Have you ever seen a pack of unrestrained dancing toddlers?  It was terrifying! These kids bum rushed the stage like Altamont back in '69. I kept waiting for the Hell's Angels to show up and bounce these kids back to their seats.

In any regard, the concert was surprisingly awesome and I had more fun than I could have ever imagined.

You want to know why? 

Because it proved for about the one millionth time that the best part of being a parent is letting go of any pretensions of coolness and experiencing the world through your kid's eyes.

Never in a million years did I ever imagine that I would stand in front of several thousand people, flap my arms like a little bumblebee, and dance around in a circle yelling, "buzz, buzz, buzz!"

Clearly my daughter has had a great impact on my life.

However, at the end of the concert, I learned that my influence on her may be even greater.
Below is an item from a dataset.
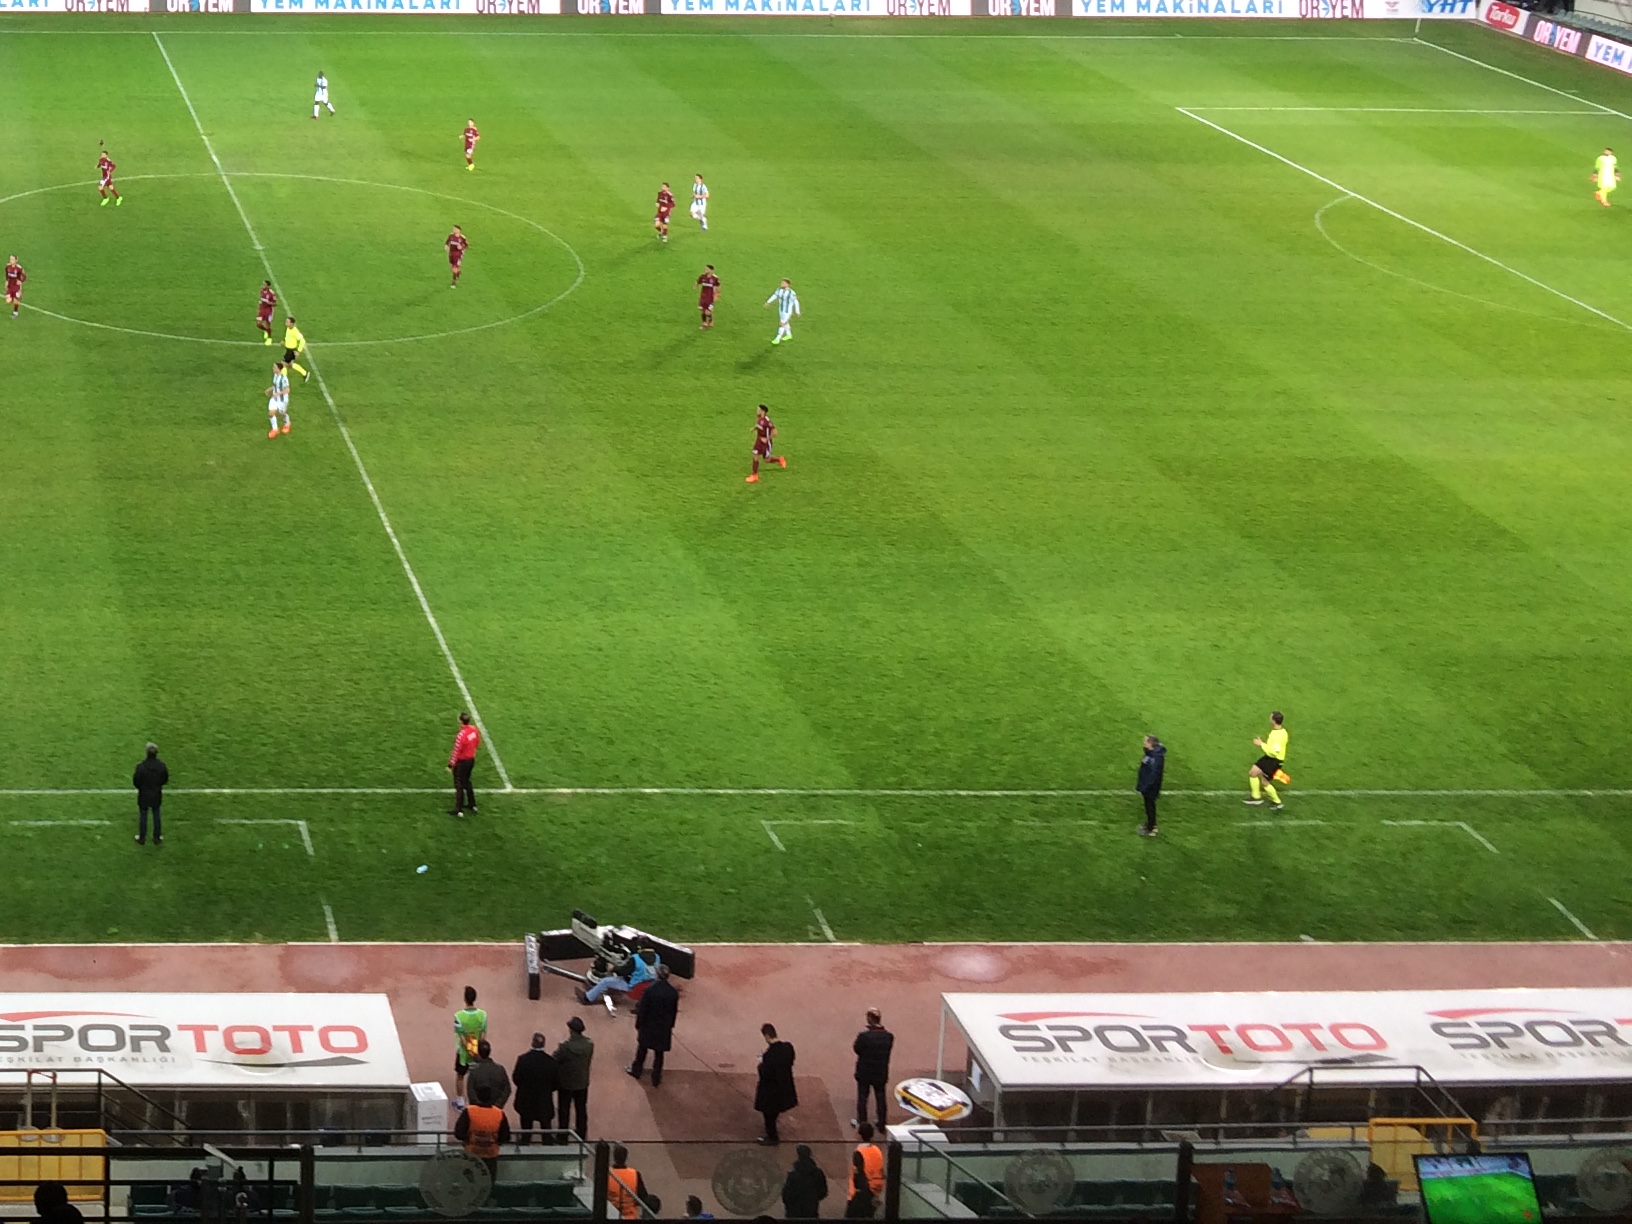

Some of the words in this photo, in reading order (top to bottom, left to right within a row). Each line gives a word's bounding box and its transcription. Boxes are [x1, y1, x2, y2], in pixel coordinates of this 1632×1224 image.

As Ms. Berkner and her jolly bandmates exited the stage, my ridiculously cute little 3-year-old daughter climbed up on her chair and yelled at the top of her lungs, "PLAY FREE BIRD!"

Internet, I may never have a prouder moment as a father. 

By the way, Carnegie Hall may be one of my all-time favorite places in NYC. During the entire concert, I kept looking around in sheer disbelief that the Peanut and I were dancing to Laurie Berkner in the same hallowed space that has seen legendary performances by Tchaikovsky, Stravinsky, Rachmaninoff, Gershwin, and Ellington. Thanks to the awesomely good people over at Scholastic for comping us free tickets and amazing seats.

In other news, I turn 39 this week. Happy birthday to me!

As a wise man once said, "You're only young once, but you can stay immature indefinitely."